Friday, February 8th, 2008 by Jon Mertz
By now, you may have had enough of primaries and election results. What if, however, we applied the primary election process to healthcare standards? What would happen?
Just as there are factions the political candidates are trying to pull together to win, they probably have not seen as many factions as there are in healthcare standards. There is a major faction called the HL7 Standards, but emerging factions are getting noticed which are XML related - from Continuity of Care Record (CCR) to a faction-within-a faction, that is, HL7 V2, HL7 V3, HL7 Clinical Document Architecture (CDA), and HL7 Continuity of Care Document (CCD).
We don’t need new healthcare standards. We just need to enforce the ones we have.
What about the X12, DICOM, NCPDP, ASTM, LOINC, and SNOMED factions? And, let us not forget the common person’s healthcare standard - plain ol’ CSV file formats.
If the United States was going to eventually elect a healthcare standard to lead us in the 21st century, which one would win? All we need is a little harmony.
Harmony may be over-rated. How could someone from SNOMED endorse the LOINC? What do you mean CCR is campaigning with CCD? If these events happened, some people may just sit out the healthcare standards election.
What about the special interests? Each healthcare vendor has their own standard. Let’s hope that someone doesn’t “swift boat” one of the healthcare standard candidates.
The campaign slogans: Healthcare standards are broken. We just don’t need to move the same standards to different chairs. We need to stand for change. We need hope! We need a healthcare standard ready to solve all of our problems Day 1!

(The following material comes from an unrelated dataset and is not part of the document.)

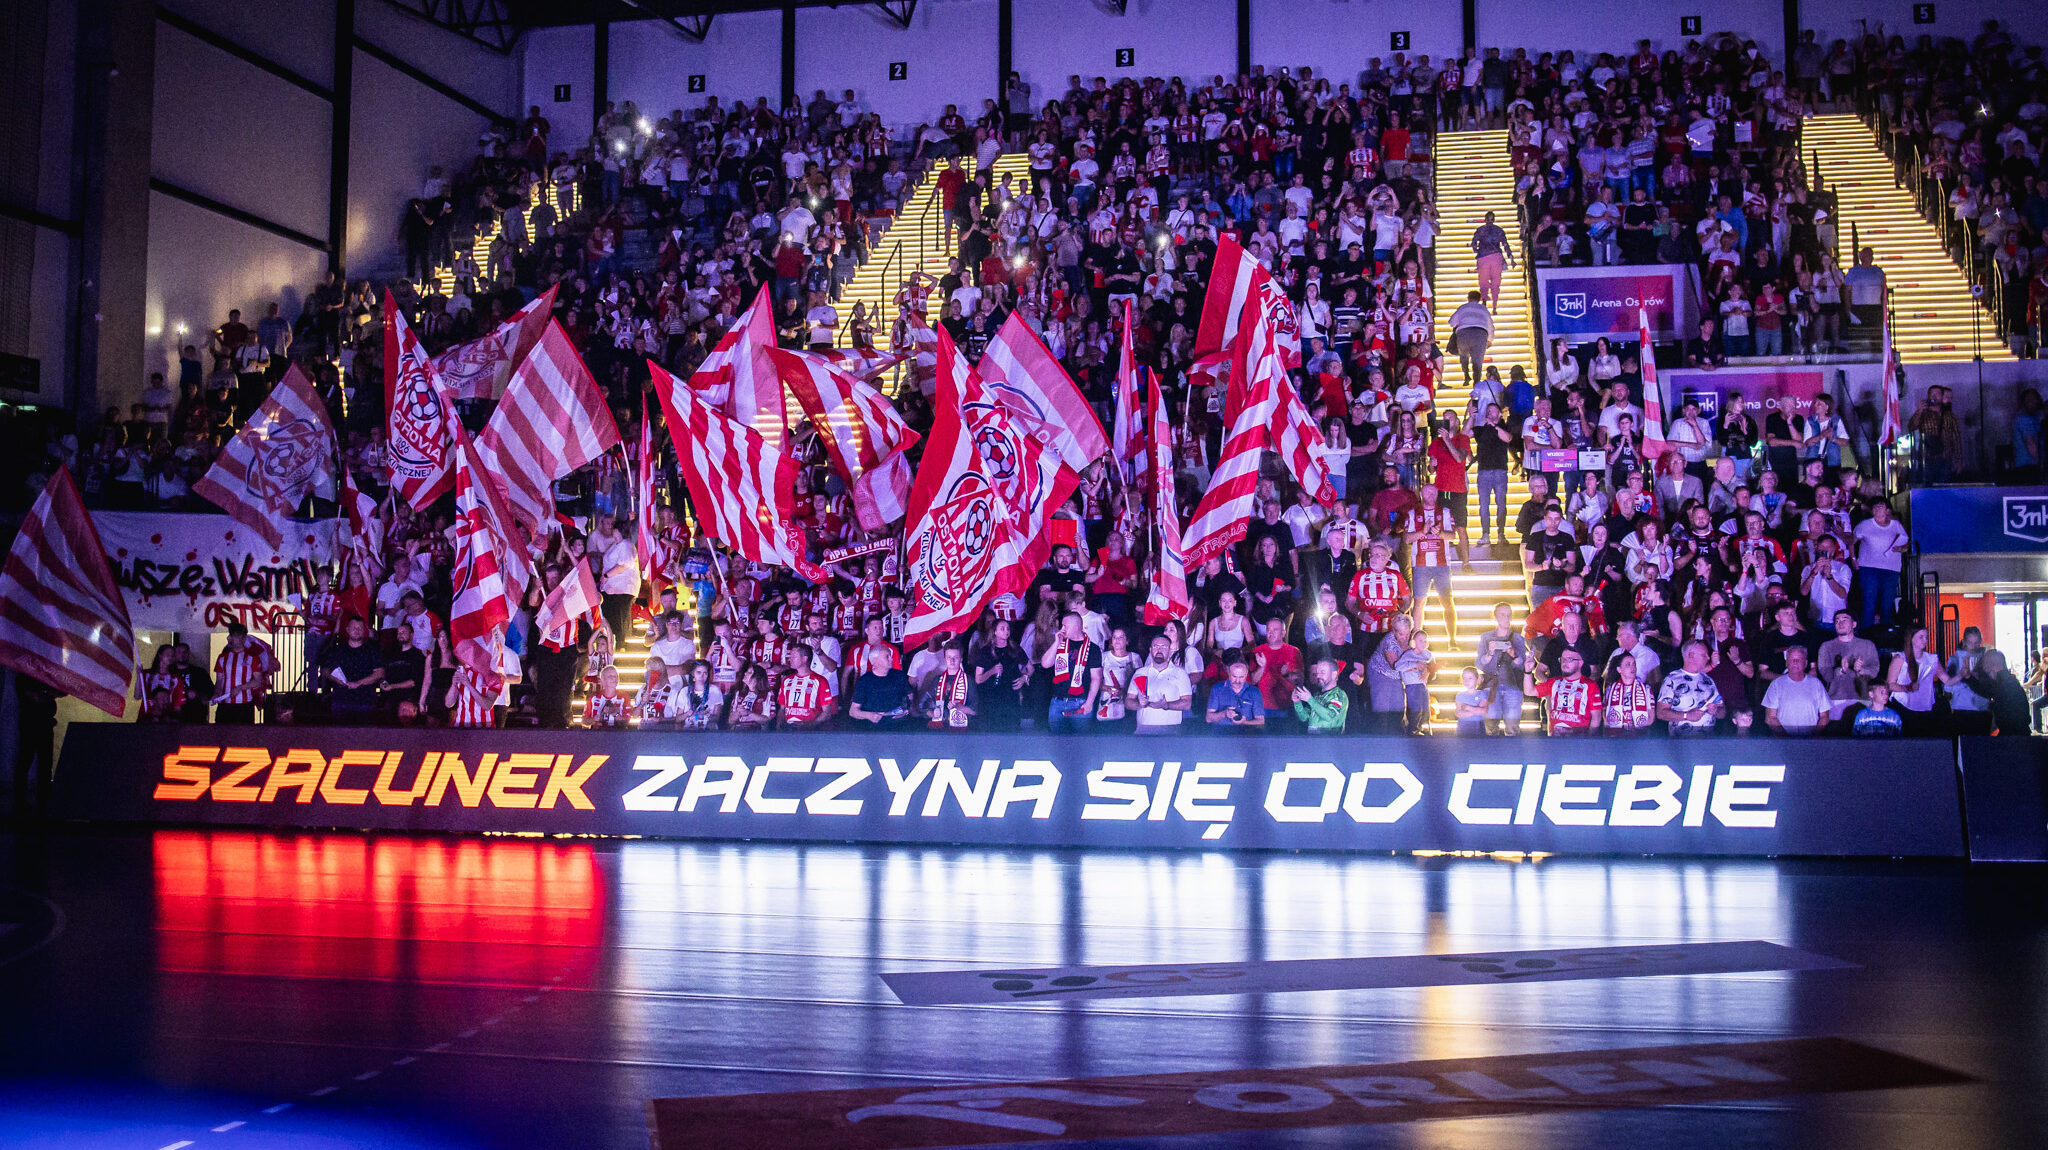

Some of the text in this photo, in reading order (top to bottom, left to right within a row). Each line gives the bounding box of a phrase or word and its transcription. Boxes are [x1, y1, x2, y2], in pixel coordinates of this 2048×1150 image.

Or, maybe what we need is another healthcare standard - a “third party” candidate - that can just end all of the “politics” and work for the people in health care. A “uniter” of healthcare standards. Some standard that can “reach across the aisle” and reach consensus.
Can’t we all just get along in the healthcare integration world?
Yes, this is a parody of sorts on healthcare standards, but it is the practical world that we live in. There are many standards, and we do all need to get along in order to deliver the best possible care for patients. Each healthcare standard faction delivers an essential piece in the healthcare puzzle, but putting the puzzle together can be challenging at times.
Maybe the final rallying cry should be: “Read my lips. No new healthcare standards!”